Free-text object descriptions
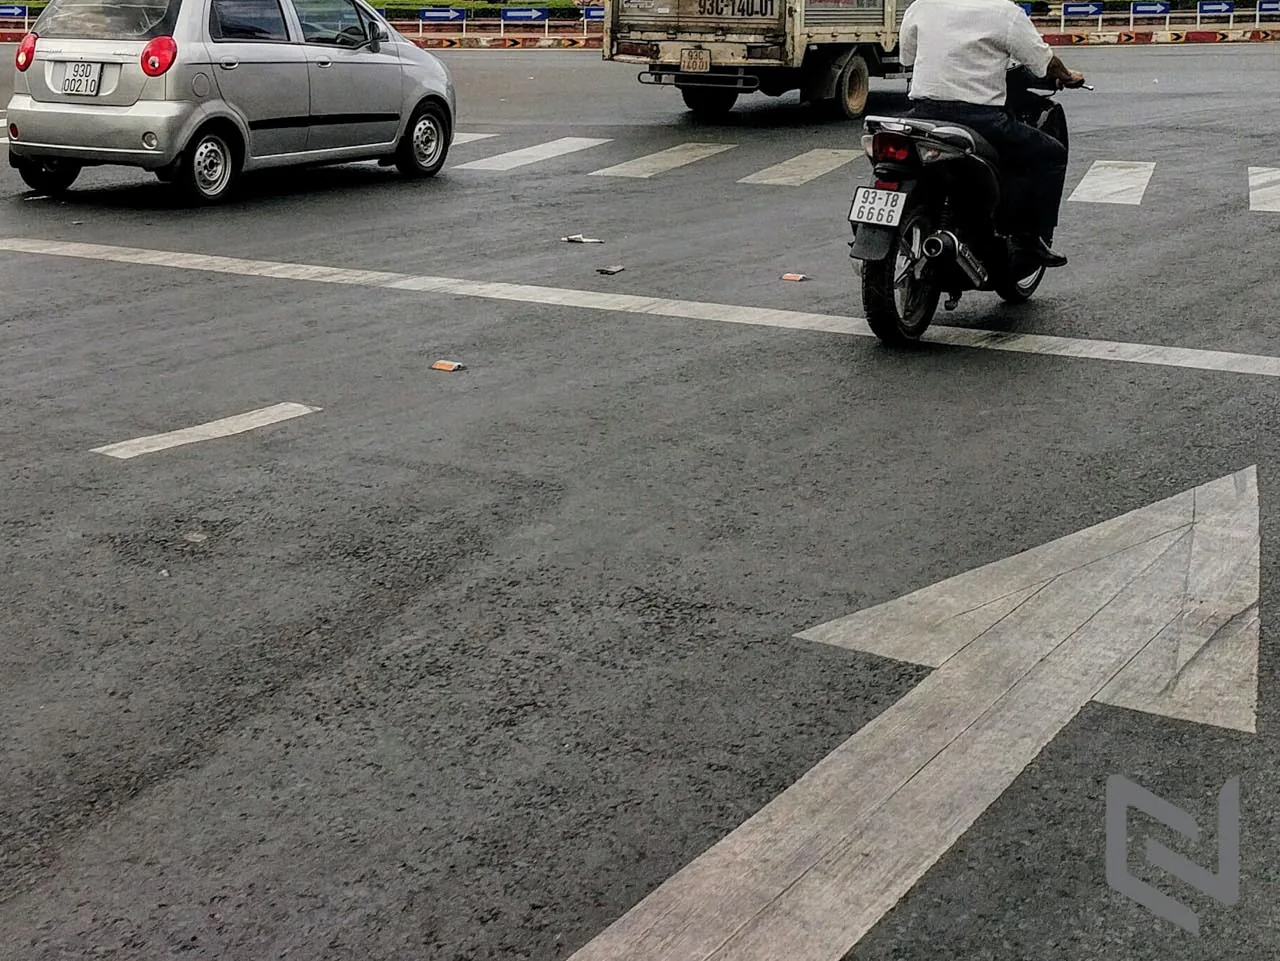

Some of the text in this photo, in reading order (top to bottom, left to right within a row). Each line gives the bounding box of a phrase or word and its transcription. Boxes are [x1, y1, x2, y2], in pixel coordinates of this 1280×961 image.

[687, 50, 704, 60] 93C
[72, 63, 92, 78] 93D
[861, 189, 900, 208] 93-T8
[856, 205, 896, 224] 6666
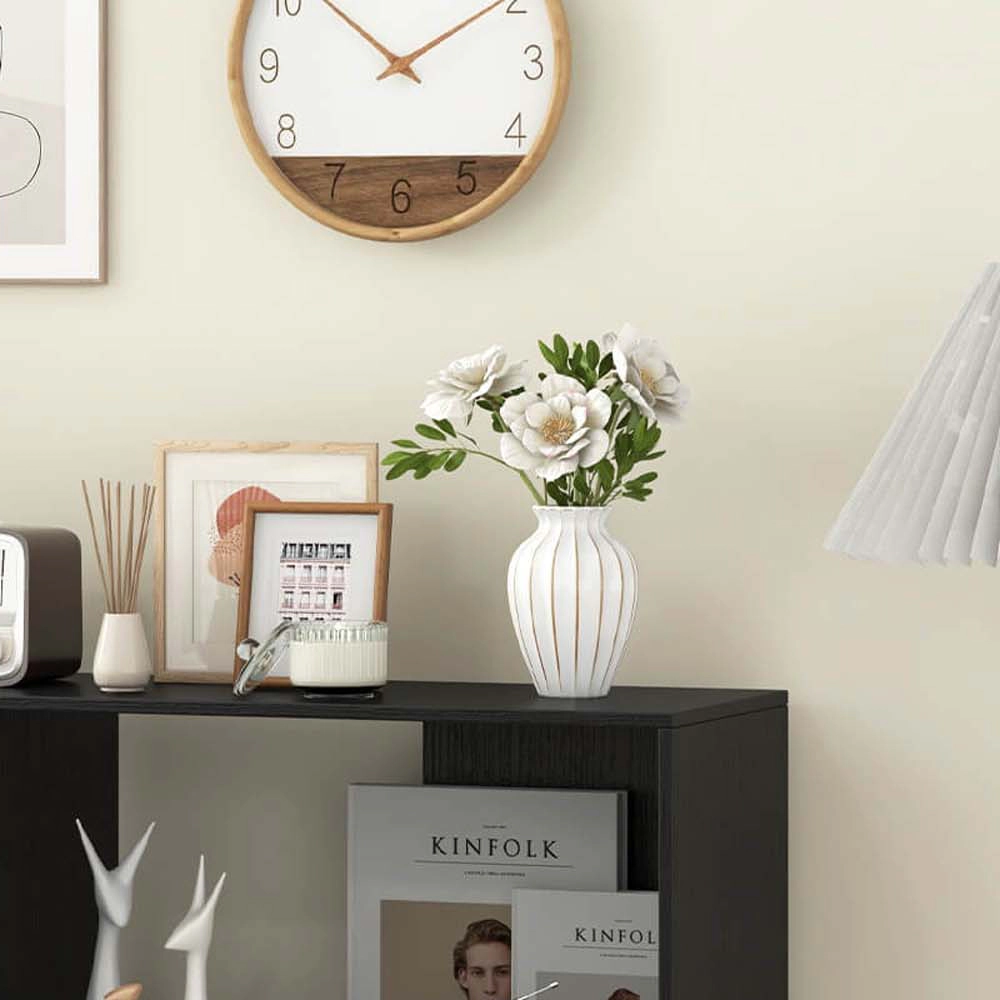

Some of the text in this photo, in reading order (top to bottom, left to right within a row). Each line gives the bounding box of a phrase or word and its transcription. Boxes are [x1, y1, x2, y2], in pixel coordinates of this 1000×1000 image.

[259, 48, 279, 84] 9
[523, 44, 544, 81] 3
[277, 113, 296, 149] 8
[504, 112, 527, 148] 4
[324, 163, 346, 199] 7
[456, 160, 477, 196] 5
[391, 179, 412, 215] 6
[431, 836, 560, 860] KINFOLK
[574, 927, 657, 945] KINFOL
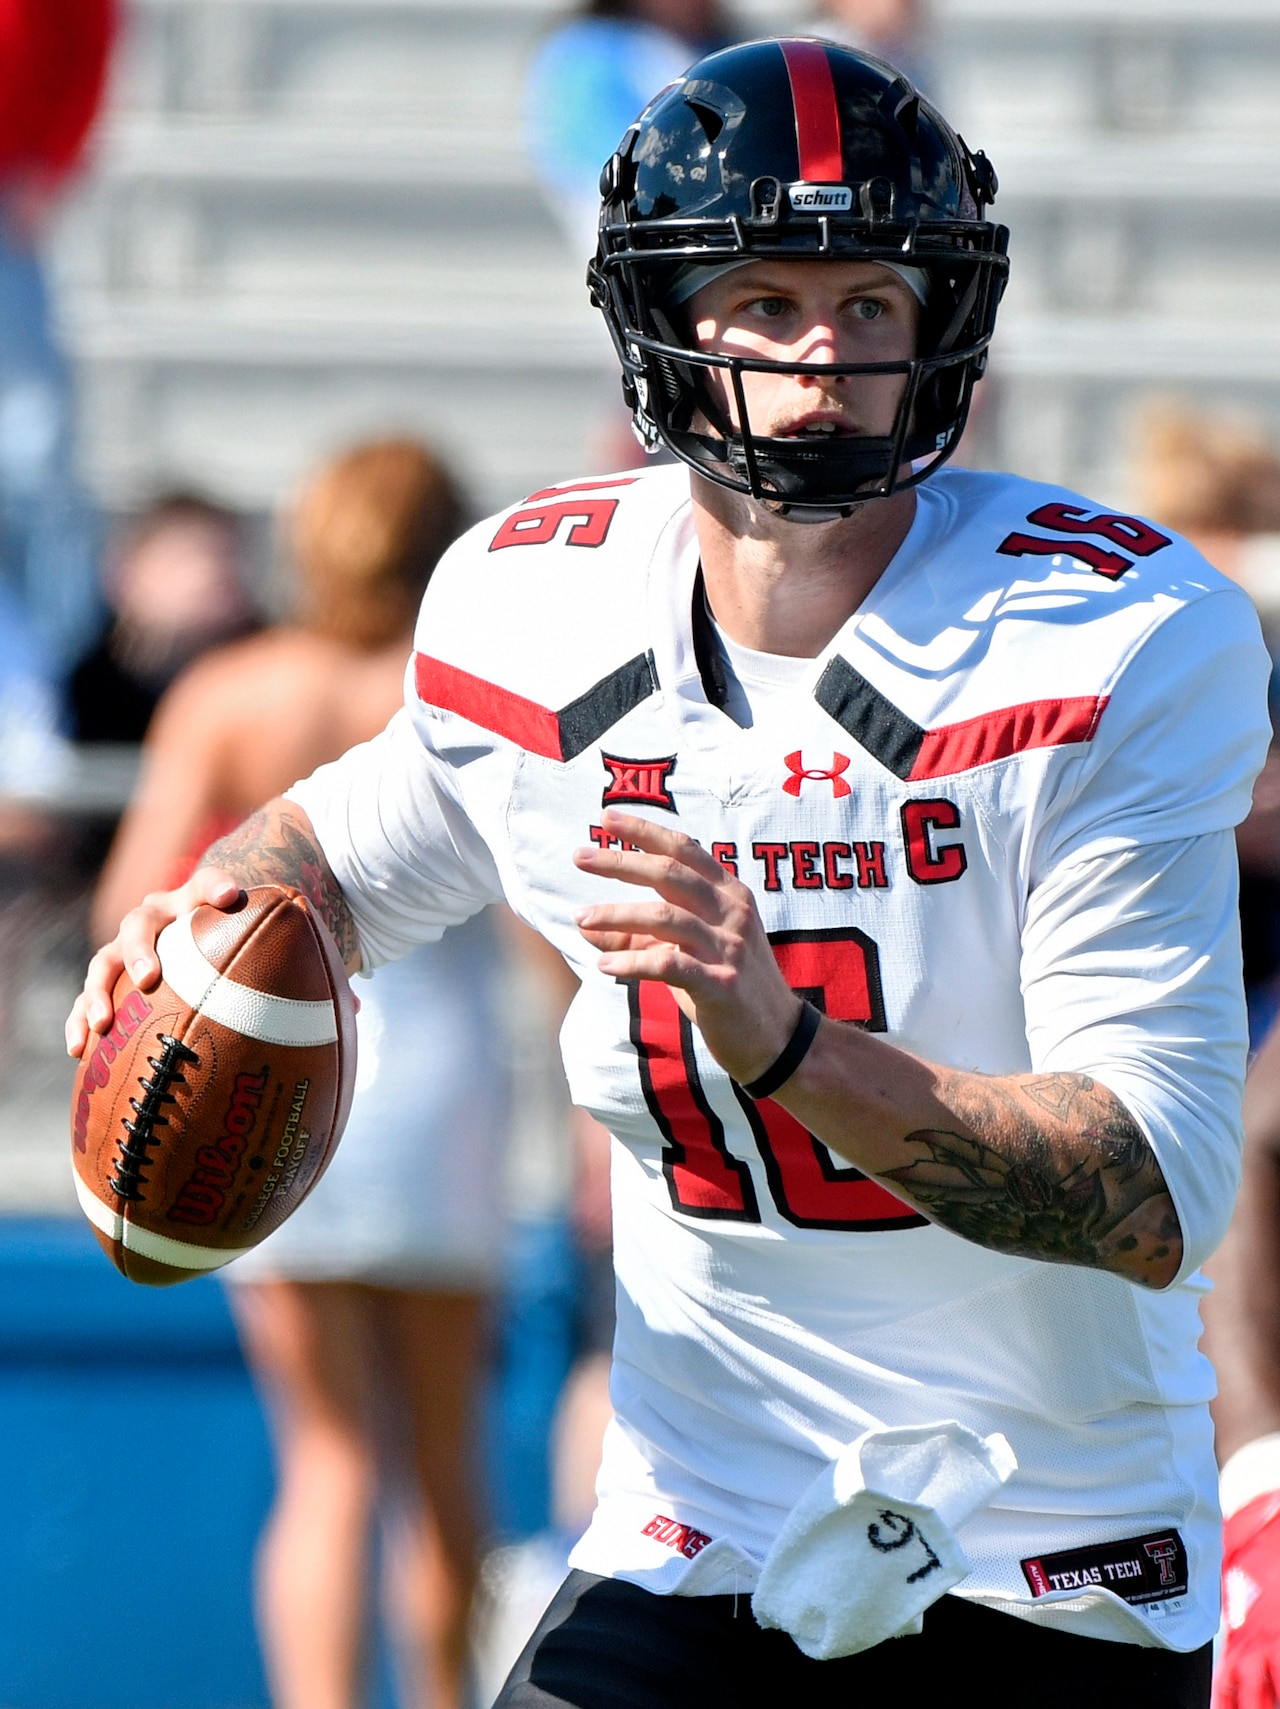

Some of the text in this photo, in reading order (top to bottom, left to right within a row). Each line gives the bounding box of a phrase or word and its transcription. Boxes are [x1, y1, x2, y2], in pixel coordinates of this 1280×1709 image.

[793, 190, 849, 206] schutt
[996, 502, 1173, 582] 16
[752, 841, 889, 892] TECH
[900, 797, 967, 885] C
[166, 1071, 267, 1226] Wilson
[273, 1078, 310, 1169] FOOTBALL
[277, 1129, 310, 1196] PLAYOFF
[640, 1514, 713, 1560] GUNS
[1048, 1559, 1142, 1590] TEXAS TECH

Task statement :: An exact copy of the lines from the one containing "this 1280×1709 image." through the end of the data above is the whole answer.

Exercise result ::
Some of the text in this photo, in reading order (top to bottom, left to right within a row). Each line gives the bounding box of a phrase or word and its transcription. Boxes are [x1, y1, x2, y2], in pixel coordinates of this 1280×1709 image.

[793, 190, 849, 206] schutt
[996, 502, 1173, 582] 16
[752, 841, 889, 892] TECH
[900, 797, 967, 885] C
[166, 1071, 267, 1226] Wilson
[273, 1078, 310, 1169] FOOTBALL
[277, 1129, 310, 1196] PLAYOFF
[640, 1514, 713, 1560] GUNS
[1048, 1559, 1142, 1590] TEXAS TECH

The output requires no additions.